A Reversible, Calcium-dependent, Copper-catalyzed Inactivation of Guinea Pig Liver Transglutaminase

Abstract

Abstract Guinea pig liver transglutaminase is rapidly and progressively inactivated during incubation with copper salts in the presence of calcium, a divalent cation essential for enzymatic activity. Substrate exerts some protection against this inactivation. Complete loss of transglutaminase activity is accompanied by a concomitant loss of approximately 4 sulfhydryl residues. This loss of enzyme sulfhydryl groups appears to be the result of formation of 2 intramolecular disulfide bridges.
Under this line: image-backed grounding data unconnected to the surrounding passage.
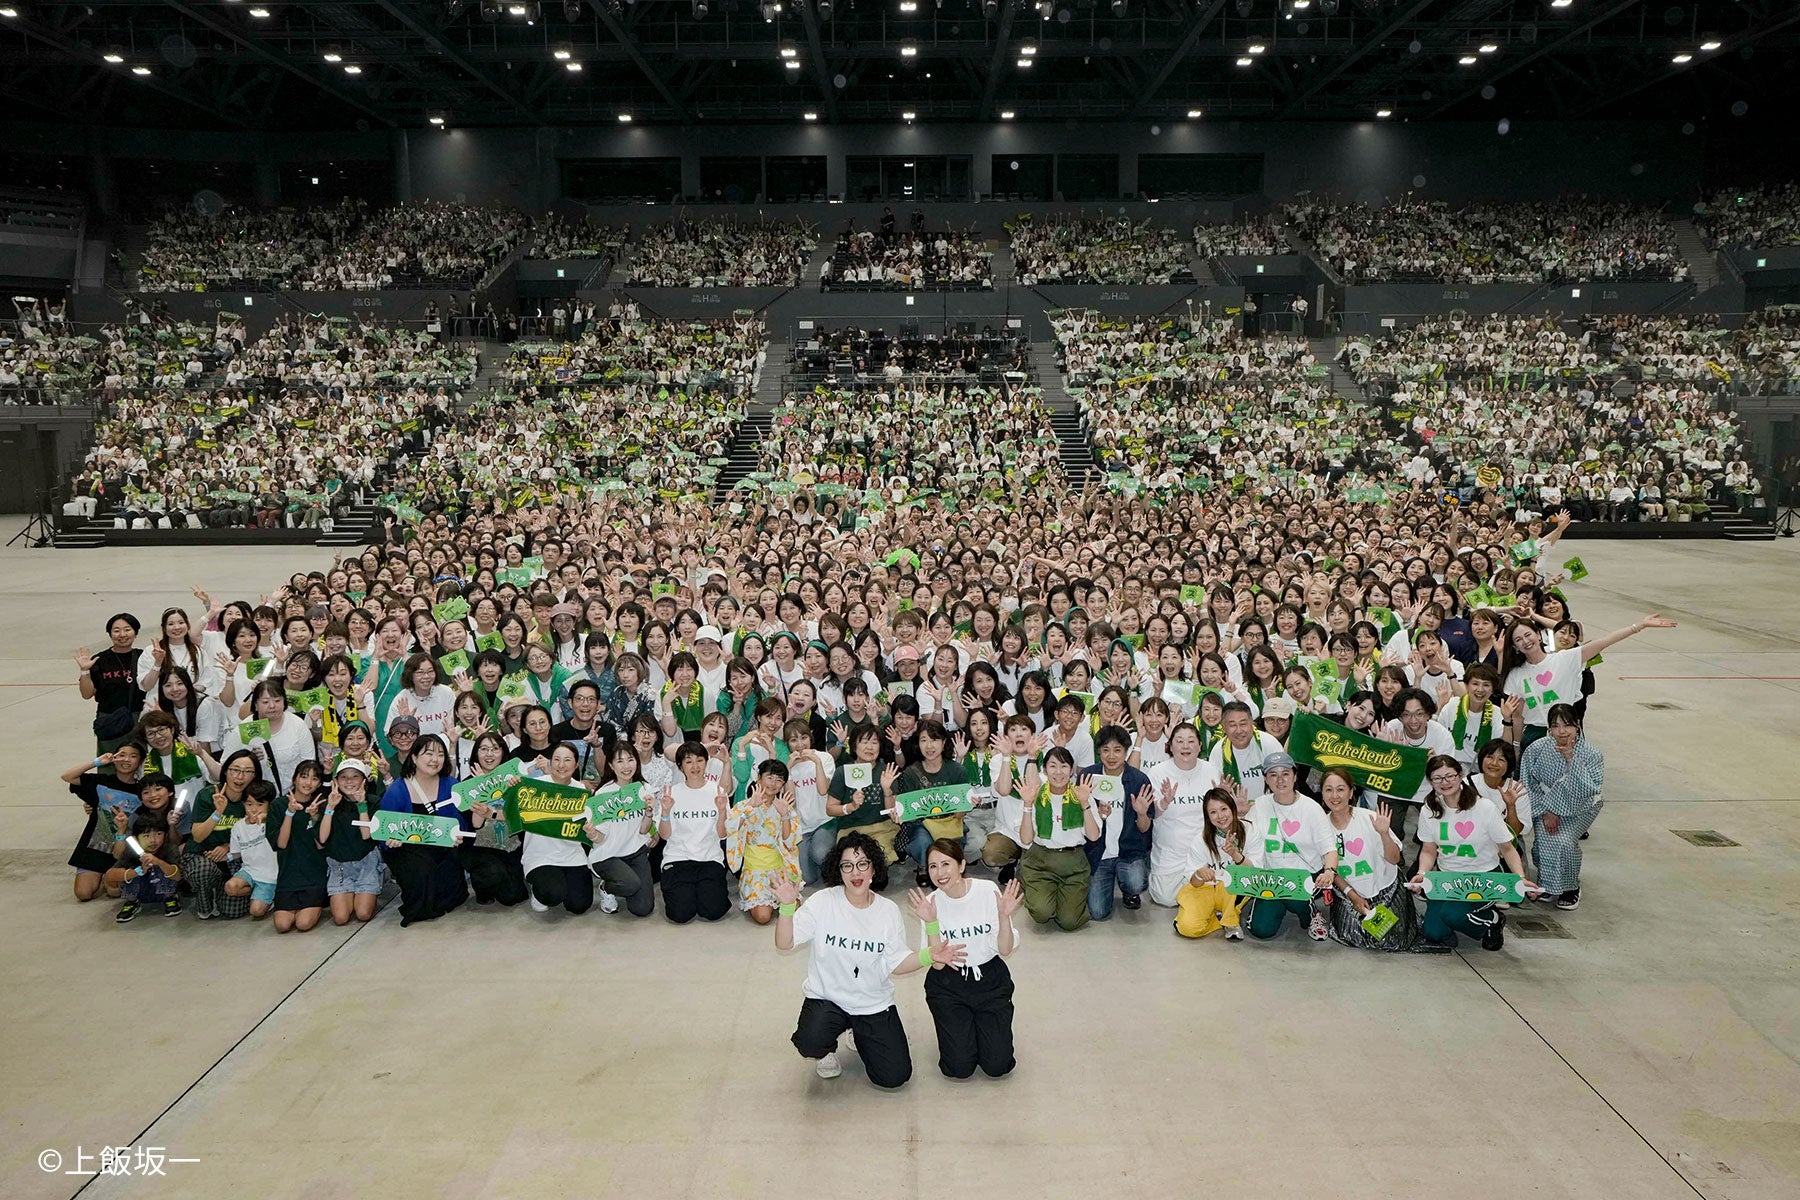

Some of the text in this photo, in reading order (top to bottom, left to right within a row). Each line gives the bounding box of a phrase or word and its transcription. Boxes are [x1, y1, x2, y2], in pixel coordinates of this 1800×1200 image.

[416, 711, 449, 723] KHND
[1366, 773, 1393, 792] 083
[517, 785, 588, 813] Makehend
[673, 809, 718, 820] MKHND
[1267, 818, 1278, 836] I
[1439, 821, 1450, 841] I
[1264, 839, 1300, 854] PA
[940, 923, 992, 940] MKHND
[825, 933, 885, 953] MKHND
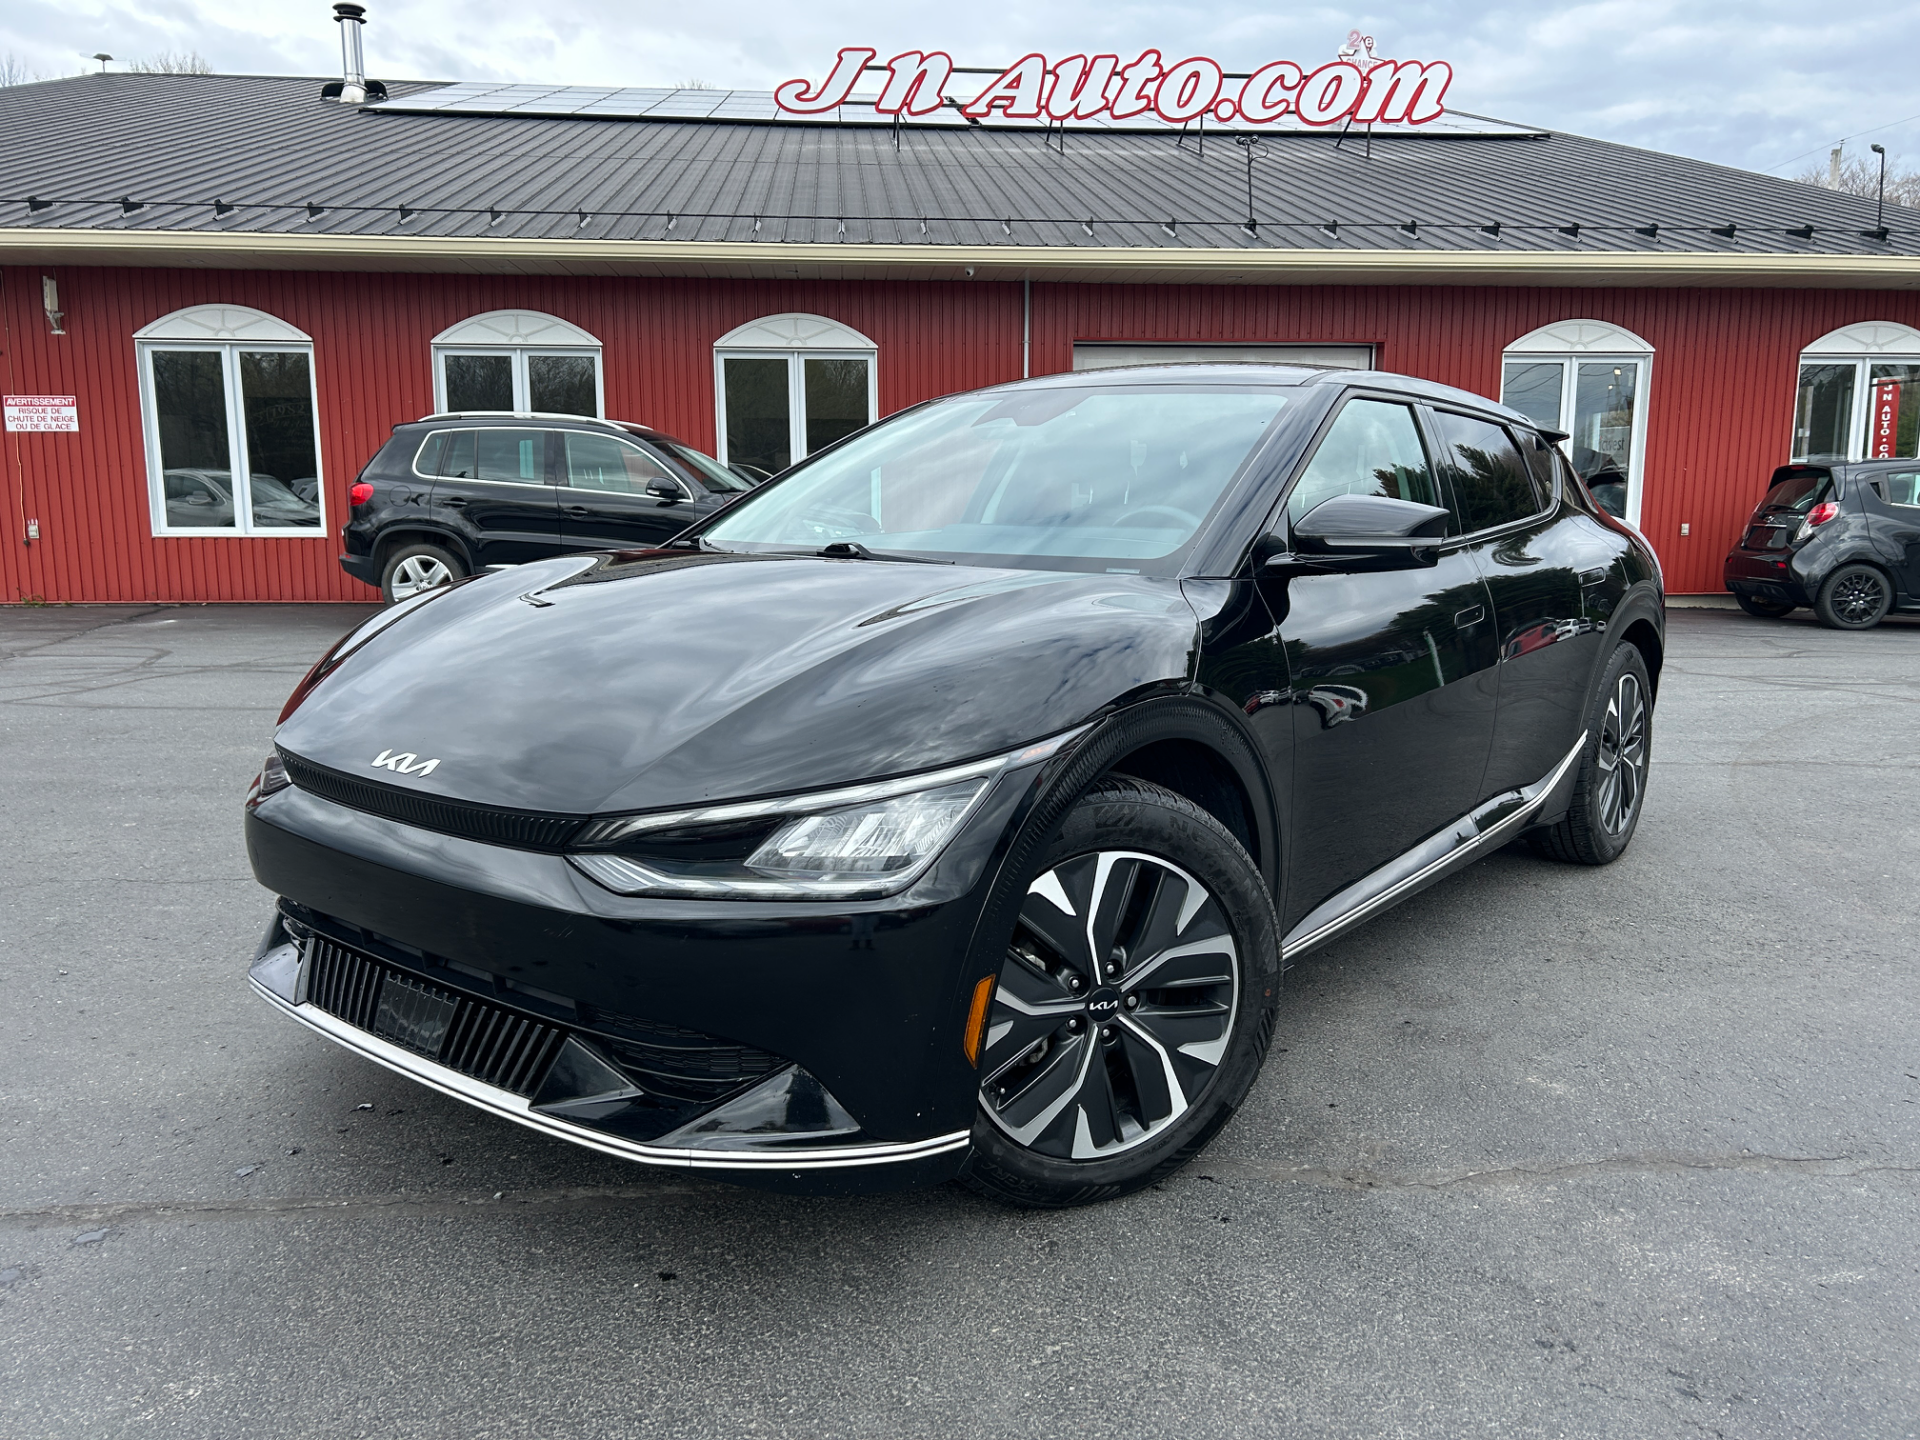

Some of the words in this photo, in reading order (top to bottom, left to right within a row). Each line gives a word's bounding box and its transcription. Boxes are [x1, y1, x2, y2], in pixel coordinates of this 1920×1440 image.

[961, 48, 1453, 126] Auto.com
[6, 397, 74, 406] AVERTISSEMENT
[18, 407, 49, 415] RISQUE
[50, 407, 63, 415] DE
[7, 415, 35, 423] CHUTE
[36, 415, 48, 423] DE
[50, 415, 75, 423] NEIGE
[15, 423, 28, 431] OU
[30, 423, 42, 431] DE
[43, 423, 72, 431] GLACE
[370, 748, 442, 778] KIA
[1089, 1000, 1119, 1011] KIA
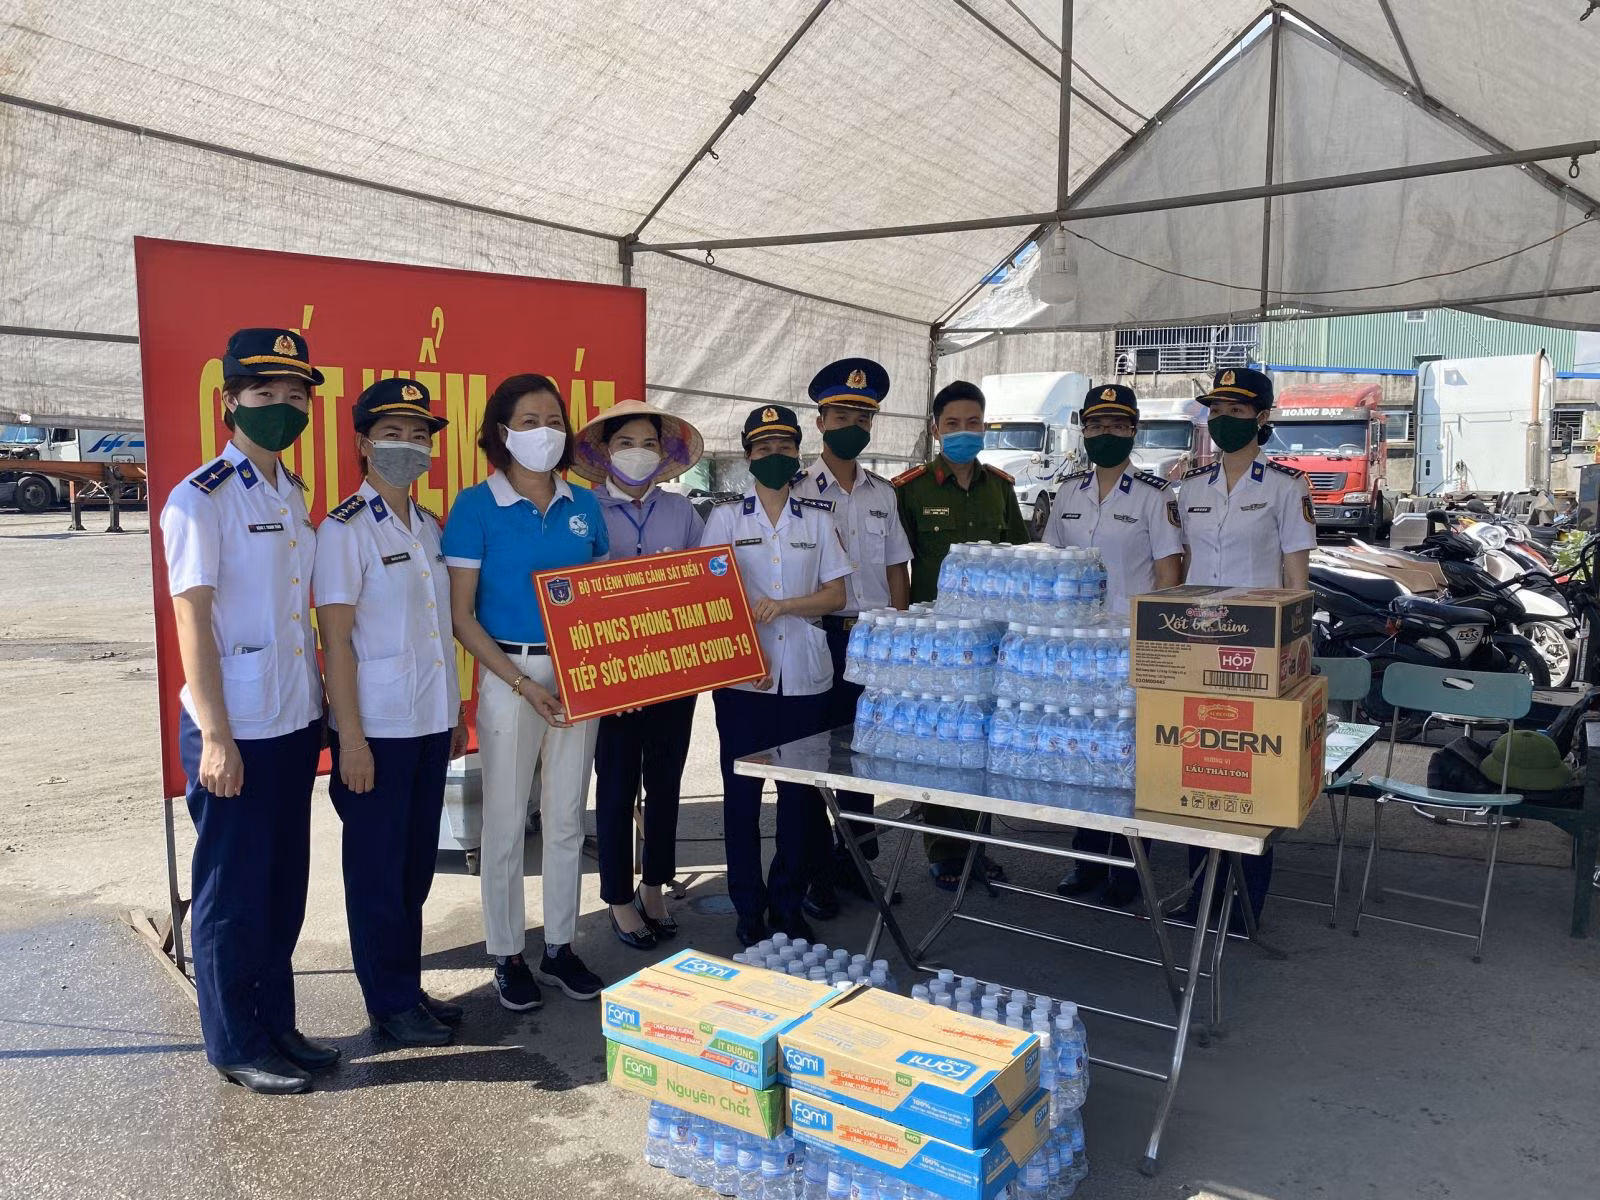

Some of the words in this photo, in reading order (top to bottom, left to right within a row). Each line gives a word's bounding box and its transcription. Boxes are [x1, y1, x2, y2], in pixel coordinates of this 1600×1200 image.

[1321, 408, 1344, 418] ĐẠT
[578, 578, 591, 597] BỘ
[590, 576, 602, 592] TƯ
[602, 574, 624, 593] LỆNH
[623, 570, 645, 587] VÙNG
[645, 564, 666, 584] CẢNH
[666, 564, 681, 580] SÁT
[681, 558, 699, 578] BIỂN
[700, 562, 704, 574] 1
[568, 619, 594, 654] HỘI
[594, 616, 630, 646] PNCS
[630, 606, 673, 638] PHÒNG
[672, 603, 706, 630] THAM
[706, 596, 733, 624] MƯU
[568, 656, 598, 692] TIẾP
[600, 653, 627, 686] SỨC
[628, 644, 672, 680] CHỐNG
[670, 643, 700, 674] DỊCH
[700, 633, 752, 664] COVID-19
[1222, 652, 1252, 670] HỘP
[1155, 724, 1282, 756] MODERN
[682, 960, 732, 976] Fami
[608, 1004, 634, 1024] Fami
[625, 1058, 652, 1077] Fami
[734, 1060, 758, 1074] 30%
[786, 1049, 818, 1072] Fami
[906, 1056, 970, 1077] Fami
[666, 1078, 716, 1106] Nguyên
[720, 1096, 751, 1118] Chất
[795, 1103, 827, 1126] Fami
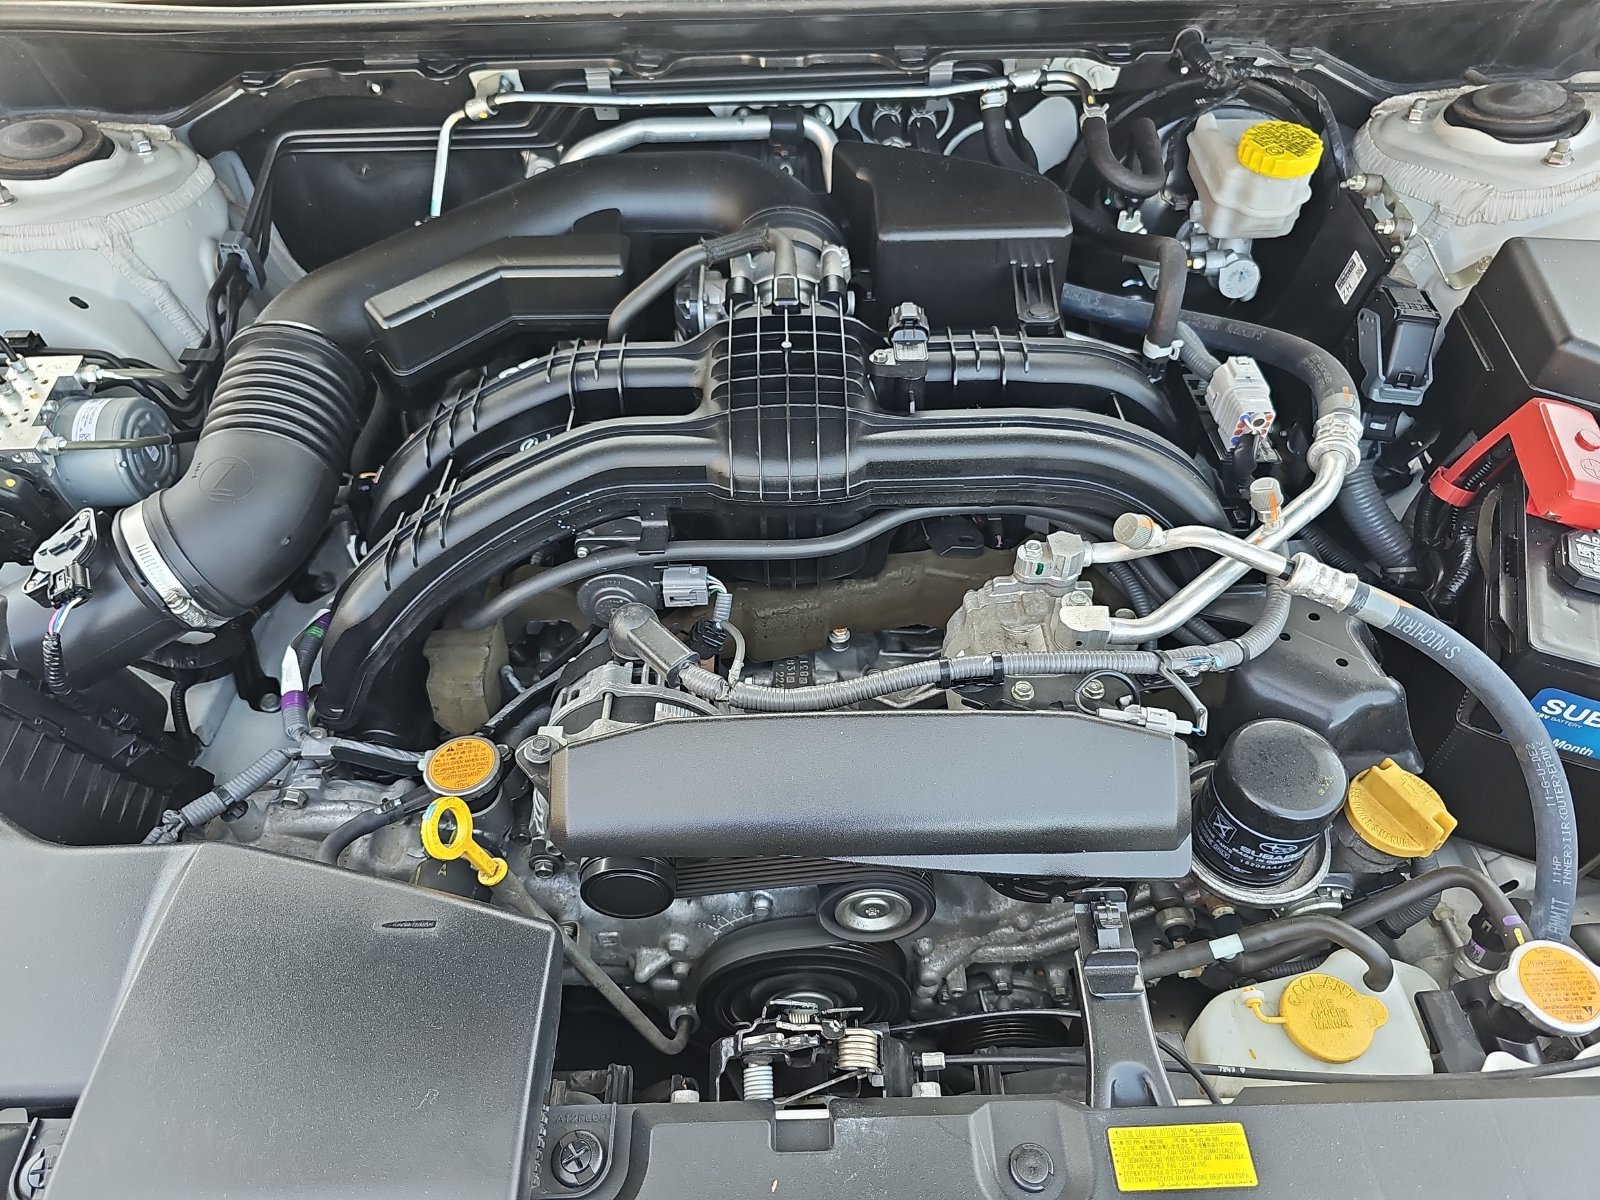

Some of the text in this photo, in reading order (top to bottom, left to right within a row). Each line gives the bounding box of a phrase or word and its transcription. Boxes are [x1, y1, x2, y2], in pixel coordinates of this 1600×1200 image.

[1550, 716, 1583, 729] BATTERY
[1553, 738, 1594, 757] Month
[1288, 975, 1359, 1005] COOLANT
[1314, 1018, 1353, 1030] MANUAL
The Cu++-inactivated enzyme is readily reactivated by treatment with dithiothreitol or potassium cyanide. Peptide mapping experiments show that a sulfhydryl group of transglutaminase previously identified as essential for catalytic activity is not a component of the disulfide bonds formed as a result of Cu++ treatment. The dissociation constant (Kd) for calcium (7.1 ± 1.0 x 10-3 m) estimated from the rate of inactivation of transglutaminase by Cu++ as a function of calcium ion concentration is in close agreement with Kd values for calcium determined by other direct binding experiments. It is suggested, on the basis of earlier findings, that a calcium-induced conformational change in the enzyme protein is essential for Cu++-catalyzed formation of an inactive disulfide form of transglutaminase.